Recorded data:
____________

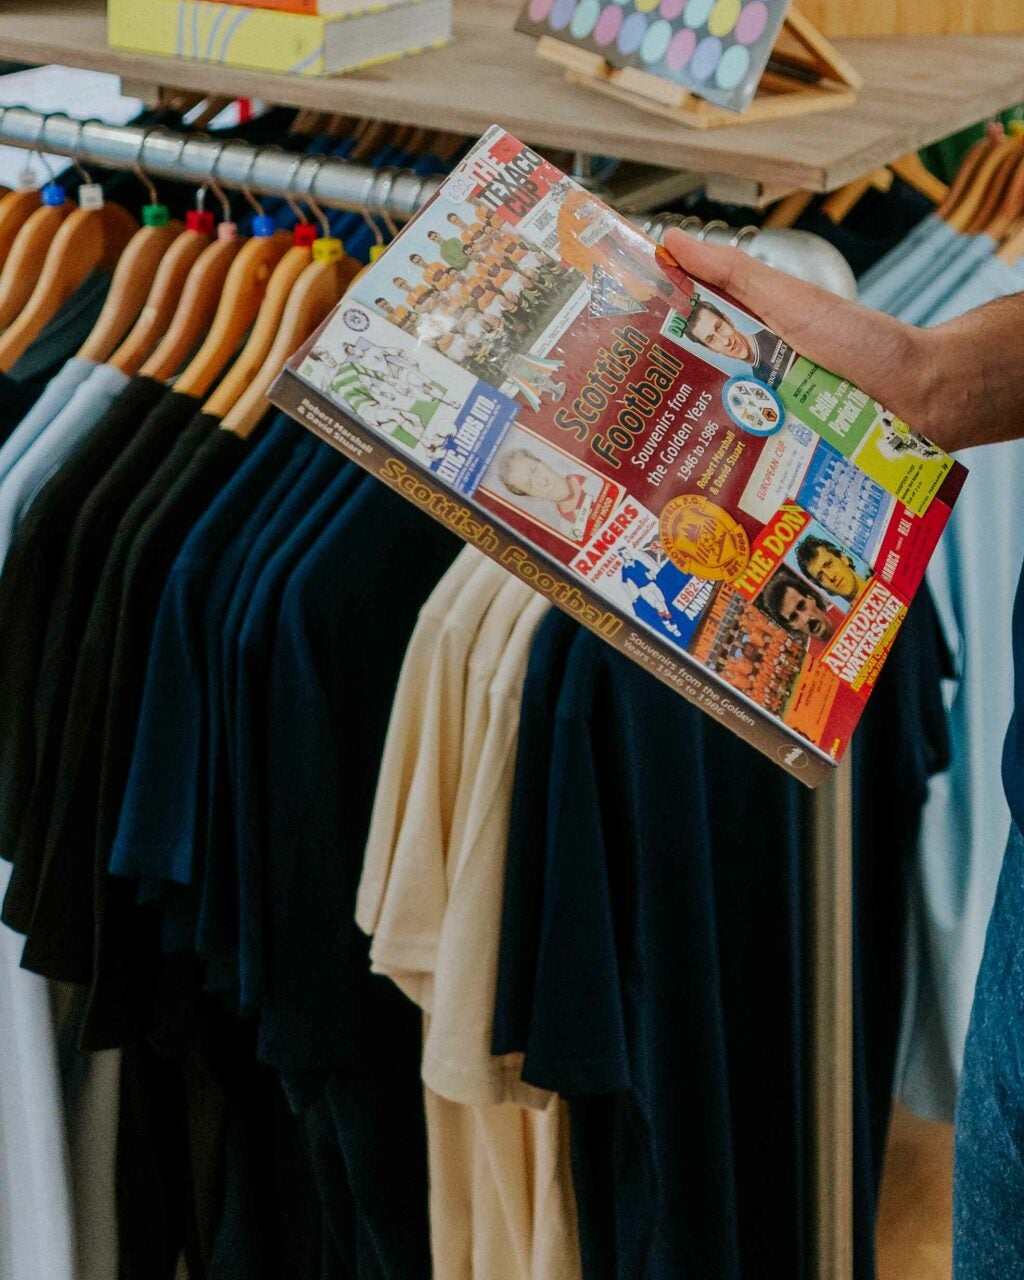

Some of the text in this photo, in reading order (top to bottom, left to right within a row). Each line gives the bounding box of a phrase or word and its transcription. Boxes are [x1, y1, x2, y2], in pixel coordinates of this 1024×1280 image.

[477, 147, 542, 209] TEXACO
[503, 178, 545, 217] CUP
[552, 320, 649, 441] Scottish
[588, 345, 683, 467] Football
[300, 398, 372, 454] Robert Marshall
[305, 411, 333, 435] David
[332, 430, 363, 457] Stuart
[453, 415, 483, 451] LEEDS
[631, 381, 693, 468] Souvenirs from
[646, 388, 712, 487] the Golden Years
[676, 419, 719, 481] 1946 to 1986
[696, 430, 735, 489] Robert Marshall
[709, 440, 746, 495] & David Stuart
[757, 440, 786, 499] EUROPEAN CUP
[600, 497, 613, 516] HOOD
[897, 517, 911, 537] REAL
[381, 457, 621, 638] Scottish Football
[575, 504, 638, 574] RANGERS
[590, 553, 616, 582] FOOTBALL
[606, 559, 621, 577] CLUB
[734, 550, 775, 596] THE
[824, 584, 889, 674] ABERDEEN
[840, 596, 902, 682] WATERSCHEI
[622, 640, 649, 662] Years
[655, 664, 685, 687] 1946
[683, 684, 697, 696] to
[696, 692, 725, 716] 1986
[628, 632, 756, 726] Souvenirs from the Golden

____________

▸ **WHAT TO DO**: Copy each entry exactly as written. Images should not appear in the copy.

▸ **EXERCISE RESULT**:
Some of the text in this photo, in reading order (top to bottom, left to right within a row). Each line gives the bounding box of a phrase or word and its transcription. Boxes are [x1, y1, x2, y2], in pixel coordinates of this 1024×1280 image.

[477, 147, 542, 209] TEXACO
[503, 178, 545, 217] CUP
[552, 320, 649, 441] Scottish
[588, 345, 683, 467] Football
[300, 398, 372, 454] Robert Marshall
[305, 411, 333, 435] David
[332, 430, 363, 457] Stuart
[453, 415, 483, 451] LEEDS
[631, 381, 693, 468] Souvenirs from
[646, 388, 712, 487] the Golden Years
[676, 419, 719, 481] 1946 to 1986
[696, 430, 735, 489] Robert Marshall
[709, 440, 746, 495] & David Stuart
[757, 440, 786, 499] EUROPEAN CUP
[600, 497, 613, 516] HOOD
[897, 517, 911, 537] REAL
[381, 457, 621, 638] Scottish Football
[575, 504, 638, 574] RANGERS
[590, 553, 616, 582] FOOTBALL
[606, 559, 621, 577] CLUB
[734, 550, 775, 596] THE
[824, 584, 889, 674] ABERDEEN
[840, 596, 902, 682] WATERSCHEI
[622, 640, 649, 662] Years
[655, 664, 685, 687] 1946
[683, 684, 697, 696] to
[696, 692, 725, 716] 1986
[628, 632, 756, 726] Souvenirs from the Golden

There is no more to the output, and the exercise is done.